O’Hara’s main thrust is that privacy concerns must be considered at every step in the process of publication of public data. "Privacy protection should … be embedded in any transparency programme, rather than bolted on as an afterthought," he writes.
The report suggests that the technological definition of ‘privacy’ must be included in government thinking on public data. Legal definitions of privacy have proved inadequate, it says, and O’Hara recommends that "technologically-trained experts should be brought into procedures for deciding whether or not to release particular datasets."
He also recommends that the Information Commissioner’s Office (ICO) obtain a greater technical awareness – although O’Hara stressed that the ICO is currently making progress on this through the appointment of a technology Policy Advisor and the creation of a Technology Reference Panel.
Other recommendations include creating a data asset register to allow the government to keep track of its datasets; setting up transparency panels to determine the privacy threat posed by data; and investigating the vulnerability of anonymised databases to "deanonymisation", whereby an individual’s identify can be figured out by matching information across multiple sources.

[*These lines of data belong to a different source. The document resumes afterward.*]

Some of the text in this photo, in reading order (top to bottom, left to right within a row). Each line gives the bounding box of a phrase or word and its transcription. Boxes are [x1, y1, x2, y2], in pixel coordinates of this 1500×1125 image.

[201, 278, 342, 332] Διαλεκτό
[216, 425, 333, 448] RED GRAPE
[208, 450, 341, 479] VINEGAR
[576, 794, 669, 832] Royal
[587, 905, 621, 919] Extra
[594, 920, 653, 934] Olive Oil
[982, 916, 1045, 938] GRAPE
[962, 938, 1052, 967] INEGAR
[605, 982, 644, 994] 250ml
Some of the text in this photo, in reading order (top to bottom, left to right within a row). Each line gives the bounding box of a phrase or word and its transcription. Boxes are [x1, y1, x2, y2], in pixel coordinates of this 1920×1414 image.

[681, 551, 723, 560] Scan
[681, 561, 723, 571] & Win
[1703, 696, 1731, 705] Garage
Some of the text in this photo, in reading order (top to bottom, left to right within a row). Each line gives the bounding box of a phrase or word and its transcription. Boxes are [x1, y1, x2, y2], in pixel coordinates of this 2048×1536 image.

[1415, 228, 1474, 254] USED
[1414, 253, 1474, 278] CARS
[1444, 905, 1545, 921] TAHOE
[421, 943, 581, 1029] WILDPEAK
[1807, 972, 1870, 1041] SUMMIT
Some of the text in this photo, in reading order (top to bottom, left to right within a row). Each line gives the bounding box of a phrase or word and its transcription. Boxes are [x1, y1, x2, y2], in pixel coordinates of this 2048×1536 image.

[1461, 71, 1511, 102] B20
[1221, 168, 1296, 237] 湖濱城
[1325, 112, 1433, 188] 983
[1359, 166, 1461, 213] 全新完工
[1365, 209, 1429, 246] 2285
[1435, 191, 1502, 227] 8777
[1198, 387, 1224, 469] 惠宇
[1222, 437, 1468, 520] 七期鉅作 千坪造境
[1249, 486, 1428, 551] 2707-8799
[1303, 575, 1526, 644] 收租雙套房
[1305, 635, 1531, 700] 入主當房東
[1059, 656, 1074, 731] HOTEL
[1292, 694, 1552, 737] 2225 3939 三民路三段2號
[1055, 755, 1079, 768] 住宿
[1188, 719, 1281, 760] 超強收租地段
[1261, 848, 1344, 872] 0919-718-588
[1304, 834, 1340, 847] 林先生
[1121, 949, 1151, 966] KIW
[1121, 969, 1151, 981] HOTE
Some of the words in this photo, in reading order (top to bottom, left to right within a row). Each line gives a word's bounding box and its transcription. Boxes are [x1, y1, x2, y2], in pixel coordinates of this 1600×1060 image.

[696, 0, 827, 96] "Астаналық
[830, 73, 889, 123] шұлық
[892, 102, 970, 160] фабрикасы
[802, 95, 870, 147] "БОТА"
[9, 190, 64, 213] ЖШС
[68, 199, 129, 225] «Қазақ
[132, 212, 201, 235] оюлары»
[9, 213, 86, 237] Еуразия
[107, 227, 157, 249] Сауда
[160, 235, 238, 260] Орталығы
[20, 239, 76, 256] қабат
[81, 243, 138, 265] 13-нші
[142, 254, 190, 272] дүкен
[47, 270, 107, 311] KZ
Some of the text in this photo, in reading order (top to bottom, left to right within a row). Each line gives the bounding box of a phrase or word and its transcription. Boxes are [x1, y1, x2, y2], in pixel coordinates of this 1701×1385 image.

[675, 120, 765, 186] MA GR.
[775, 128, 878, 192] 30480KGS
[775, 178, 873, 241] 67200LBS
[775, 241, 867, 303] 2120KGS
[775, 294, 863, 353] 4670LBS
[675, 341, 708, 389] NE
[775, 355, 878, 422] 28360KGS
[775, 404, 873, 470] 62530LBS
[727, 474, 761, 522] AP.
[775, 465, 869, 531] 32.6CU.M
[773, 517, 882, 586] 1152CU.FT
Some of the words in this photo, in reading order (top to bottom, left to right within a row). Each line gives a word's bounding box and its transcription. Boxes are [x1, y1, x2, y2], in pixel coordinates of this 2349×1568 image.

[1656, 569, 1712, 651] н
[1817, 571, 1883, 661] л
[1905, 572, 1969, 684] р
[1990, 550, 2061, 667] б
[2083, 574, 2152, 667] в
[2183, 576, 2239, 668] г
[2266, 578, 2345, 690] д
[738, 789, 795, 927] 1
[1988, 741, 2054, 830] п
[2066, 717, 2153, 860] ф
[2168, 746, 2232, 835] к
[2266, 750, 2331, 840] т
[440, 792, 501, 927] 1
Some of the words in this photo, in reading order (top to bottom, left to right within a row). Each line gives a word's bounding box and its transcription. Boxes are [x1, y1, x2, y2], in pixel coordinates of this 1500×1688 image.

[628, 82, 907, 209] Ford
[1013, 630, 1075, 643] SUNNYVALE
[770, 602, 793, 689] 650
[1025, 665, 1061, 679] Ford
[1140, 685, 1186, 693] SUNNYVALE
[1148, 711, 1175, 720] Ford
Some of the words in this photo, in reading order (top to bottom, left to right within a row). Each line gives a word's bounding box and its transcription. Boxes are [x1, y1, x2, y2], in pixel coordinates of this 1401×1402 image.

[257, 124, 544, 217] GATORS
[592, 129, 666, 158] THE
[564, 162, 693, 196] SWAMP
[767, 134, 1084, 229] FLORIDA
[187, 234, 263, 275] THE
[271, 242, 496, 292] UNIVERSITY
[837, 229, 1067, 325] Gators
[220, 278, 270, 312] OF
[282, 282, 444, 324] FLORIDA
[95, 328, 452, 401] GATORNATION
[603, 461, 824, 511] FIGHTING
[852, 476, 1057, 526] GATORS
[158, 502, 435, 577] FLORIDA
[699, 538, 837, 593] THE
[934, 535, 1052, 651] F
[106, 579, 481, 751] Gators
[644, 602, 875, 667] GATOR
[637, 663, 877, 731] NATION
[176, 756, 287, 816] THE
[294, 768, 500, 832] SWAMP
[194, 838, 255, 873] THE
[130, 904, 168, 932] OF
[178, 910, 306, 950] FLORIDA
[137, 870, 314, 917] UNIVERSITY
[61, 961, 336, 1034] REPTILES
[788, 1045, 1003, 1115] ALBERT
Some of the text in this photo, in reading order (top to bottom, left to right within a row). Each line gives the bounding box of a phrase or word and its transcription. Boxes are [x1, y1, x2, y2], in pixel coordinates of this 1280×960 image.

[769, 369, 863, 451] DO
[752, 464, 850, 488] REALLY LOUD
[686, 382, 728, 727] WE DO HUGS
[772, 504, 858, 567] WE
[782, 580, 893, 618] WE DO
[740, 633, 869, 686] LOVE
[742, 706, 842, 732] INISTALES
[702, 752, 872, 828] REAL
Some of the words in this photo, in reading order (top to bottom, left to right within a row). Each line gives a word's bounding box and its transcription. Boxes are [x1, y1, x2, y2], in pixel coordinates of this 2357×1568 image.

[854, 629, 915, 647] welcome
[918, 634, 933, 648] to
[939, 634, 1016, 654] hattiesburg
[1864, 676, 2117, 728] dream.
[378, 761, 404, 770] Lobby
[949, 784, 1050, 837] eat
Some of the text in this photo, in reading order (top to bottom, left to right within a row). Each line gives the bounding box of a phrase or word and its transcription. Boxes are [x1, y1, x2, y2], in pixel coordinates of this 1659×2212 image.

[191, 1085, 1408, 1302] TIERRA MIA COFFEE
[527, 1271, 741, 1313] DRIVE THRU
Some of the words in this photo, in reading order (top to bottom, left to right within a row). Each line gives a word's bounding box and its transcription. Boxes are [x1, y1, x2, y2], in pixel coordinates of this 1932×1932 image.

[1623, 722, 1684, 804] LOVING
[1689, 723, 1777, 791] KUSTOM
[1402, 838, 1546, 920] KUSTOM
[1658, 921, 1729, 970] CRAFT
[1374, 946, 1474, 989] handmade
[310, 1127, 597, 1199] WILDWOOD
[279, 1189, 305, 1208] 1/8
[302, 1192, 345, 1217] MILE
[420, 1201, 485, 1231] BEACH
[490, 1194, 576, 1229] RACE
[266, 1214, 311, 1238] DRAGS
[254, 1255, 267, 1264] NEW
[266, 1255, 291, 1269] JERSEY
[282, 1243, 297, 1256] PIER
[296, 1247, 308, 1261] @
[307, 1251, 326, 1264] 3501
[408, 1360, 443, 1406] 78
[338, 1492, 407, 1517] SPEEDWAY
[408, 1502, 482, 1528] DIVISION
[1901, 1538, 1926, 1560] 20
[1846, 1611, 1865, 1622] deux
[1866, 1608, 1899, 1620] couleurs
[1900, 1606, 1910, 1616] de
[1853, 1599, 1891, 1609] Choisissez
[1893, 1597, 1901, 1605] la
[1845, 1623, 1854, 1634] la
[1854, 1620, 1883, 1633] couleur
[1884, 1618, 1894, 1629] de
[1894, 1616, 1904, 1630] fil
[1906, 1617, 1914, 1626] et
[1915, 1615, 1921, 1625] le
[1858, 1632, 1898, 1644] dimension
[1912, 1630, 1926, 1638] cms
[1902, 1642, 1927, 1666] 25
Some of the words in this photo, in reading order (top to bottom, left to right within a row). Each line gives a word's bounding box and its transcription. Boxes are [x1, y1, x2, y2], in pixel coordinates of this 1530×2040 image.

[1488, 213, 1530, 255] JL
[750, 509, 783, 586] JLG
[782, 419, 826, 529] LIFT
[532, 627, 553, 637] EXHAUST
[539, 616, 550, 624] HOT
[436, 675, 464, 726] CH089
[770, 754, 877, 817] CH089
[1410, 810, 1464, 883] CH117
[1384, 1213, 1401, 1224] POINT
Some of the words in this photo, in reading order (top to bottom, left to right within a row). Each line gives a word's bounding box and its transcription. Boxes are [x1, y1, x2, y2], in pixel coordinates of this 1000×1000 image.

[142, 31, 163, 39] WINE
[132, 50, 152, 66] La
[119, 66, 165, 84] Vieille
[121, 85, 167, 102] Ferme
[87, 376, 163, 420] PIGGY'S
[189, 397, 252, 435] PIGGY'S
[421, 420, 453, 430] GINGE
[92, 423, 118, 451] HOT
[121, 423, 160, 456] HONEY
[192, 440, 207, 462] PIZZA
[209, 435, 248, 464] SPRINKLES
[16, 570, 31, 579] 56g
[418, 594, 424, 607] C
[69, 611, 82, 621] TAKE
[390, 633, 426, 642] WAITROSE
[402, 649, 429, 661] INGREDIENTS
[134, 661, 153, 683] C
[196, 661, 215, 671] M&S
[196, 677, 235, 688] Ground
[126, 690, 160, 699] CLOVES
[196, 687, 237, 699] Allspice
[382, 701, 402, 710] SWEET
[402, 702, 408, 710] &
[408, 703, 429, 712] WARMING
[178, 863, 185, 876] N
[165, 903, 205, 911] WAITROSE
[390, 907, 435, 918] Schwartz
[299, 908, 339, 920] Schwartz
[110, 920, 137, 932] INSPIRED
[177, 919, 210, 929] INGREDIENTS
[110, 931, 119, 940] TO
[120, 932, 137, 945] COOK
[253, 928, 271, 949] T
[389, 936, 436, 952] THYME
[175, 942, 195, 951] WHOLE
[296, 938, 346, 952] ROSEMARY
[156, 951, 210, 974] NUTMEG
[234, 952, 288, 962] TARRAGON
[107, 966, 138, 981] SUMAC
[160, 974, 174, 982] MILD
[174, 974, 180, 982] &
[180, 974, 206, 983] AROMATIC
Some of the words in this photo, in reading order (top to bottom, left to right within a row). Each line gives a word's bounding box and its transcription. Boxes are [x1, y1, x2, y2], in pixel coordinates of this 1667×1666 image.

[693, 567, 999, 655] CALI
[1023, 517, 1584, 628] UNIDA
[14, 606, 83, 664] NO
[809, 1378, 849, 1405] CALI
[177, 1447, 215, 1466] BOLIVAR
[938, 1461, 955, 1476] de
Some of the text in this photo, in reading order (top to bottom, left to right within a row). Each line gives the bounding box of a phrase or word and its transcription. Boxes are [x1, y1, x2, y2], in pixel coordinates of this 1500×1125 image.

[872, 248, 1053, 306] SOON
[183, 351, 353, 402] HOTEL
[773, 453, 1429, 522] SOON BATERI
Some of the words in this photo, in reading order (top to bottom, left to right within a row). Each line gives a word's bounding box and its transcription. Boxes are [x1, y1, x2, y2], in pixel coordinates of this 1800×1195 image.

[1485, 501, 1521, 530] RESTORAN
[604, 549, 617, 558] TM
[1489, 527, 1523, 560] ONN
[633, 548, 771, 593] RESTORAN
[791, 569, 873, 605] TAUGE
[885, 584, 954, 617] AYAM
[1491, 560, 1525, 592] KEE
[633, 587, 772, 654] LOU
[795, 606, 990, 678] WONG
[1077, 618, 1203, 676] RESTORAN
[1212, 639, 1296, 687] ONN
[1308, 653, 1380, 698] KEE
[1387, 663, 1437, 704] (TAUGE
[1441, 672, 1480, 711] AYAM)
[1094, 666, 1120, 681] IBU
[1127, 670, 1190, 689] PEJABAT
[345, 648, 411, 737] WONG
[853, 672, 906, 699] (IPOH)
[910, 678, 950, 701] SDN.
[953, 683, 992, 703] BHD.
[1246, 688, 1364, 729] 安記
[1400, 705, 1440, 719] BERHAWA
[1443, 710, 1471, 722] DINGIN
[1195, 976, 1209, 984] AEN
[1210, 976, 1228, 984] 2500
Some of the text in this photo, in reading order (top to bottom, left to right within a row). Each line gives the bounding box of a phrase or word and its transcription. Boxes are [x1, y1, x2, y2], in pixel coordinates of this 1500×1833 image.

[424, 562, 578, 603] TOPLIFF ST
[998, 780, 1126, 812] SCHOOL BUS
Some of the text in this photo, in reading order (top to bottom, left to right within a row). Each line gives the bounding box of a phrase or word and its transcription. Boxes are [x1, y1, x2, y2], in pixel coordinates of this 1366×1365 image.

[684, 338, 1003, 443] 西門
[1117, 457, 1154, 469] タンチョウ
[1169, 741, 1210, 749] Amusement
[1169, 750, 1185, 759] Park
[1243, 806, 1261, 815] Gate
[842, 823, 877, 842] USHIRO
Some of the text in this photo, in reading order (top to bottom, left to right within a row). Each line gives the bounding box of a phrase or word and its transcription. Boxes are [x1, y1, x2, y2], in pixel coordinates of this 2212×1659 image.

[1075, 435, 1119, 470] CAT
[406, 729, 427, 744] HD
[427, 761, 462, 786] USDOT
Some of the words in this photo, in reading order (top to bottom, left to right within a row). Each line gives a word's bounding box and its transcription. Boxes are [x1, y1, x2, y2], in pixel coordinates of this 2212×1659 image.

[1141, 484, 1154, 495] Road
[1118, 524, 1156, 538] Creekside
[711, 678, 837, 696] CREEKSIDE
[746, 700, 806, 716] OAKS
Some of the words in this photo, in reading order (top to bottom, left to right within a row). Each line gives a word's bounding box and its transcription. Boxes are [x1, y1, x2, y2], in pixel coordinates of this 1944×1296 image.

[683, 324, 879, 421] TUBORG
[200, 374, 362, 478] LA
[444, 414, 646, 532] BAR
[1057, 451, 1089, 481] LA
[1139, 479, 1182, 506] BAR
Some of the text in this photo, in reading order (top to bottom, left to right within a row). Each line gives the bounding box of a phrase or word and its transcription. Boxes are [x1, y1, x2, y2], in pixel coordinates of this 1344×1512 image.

The report points to work on deanonymisation by two computer scientists, Narayanan and Shmatikov from the University of Texas, which found that individuals could be identified based on anonymous film reviews on rental site Netflix.
"Our conclusion is that very little auxiliary information is needed [to] de- anonymize an average subscriber record from the Netflix Prize dataset," they wrote in a paper quoted in O’Hara’s report. "With 8 movie ratings (of which 2 may be completely wrong) and dates that may have a 14-day error, 99% of records can be uniquely identified in the dataset."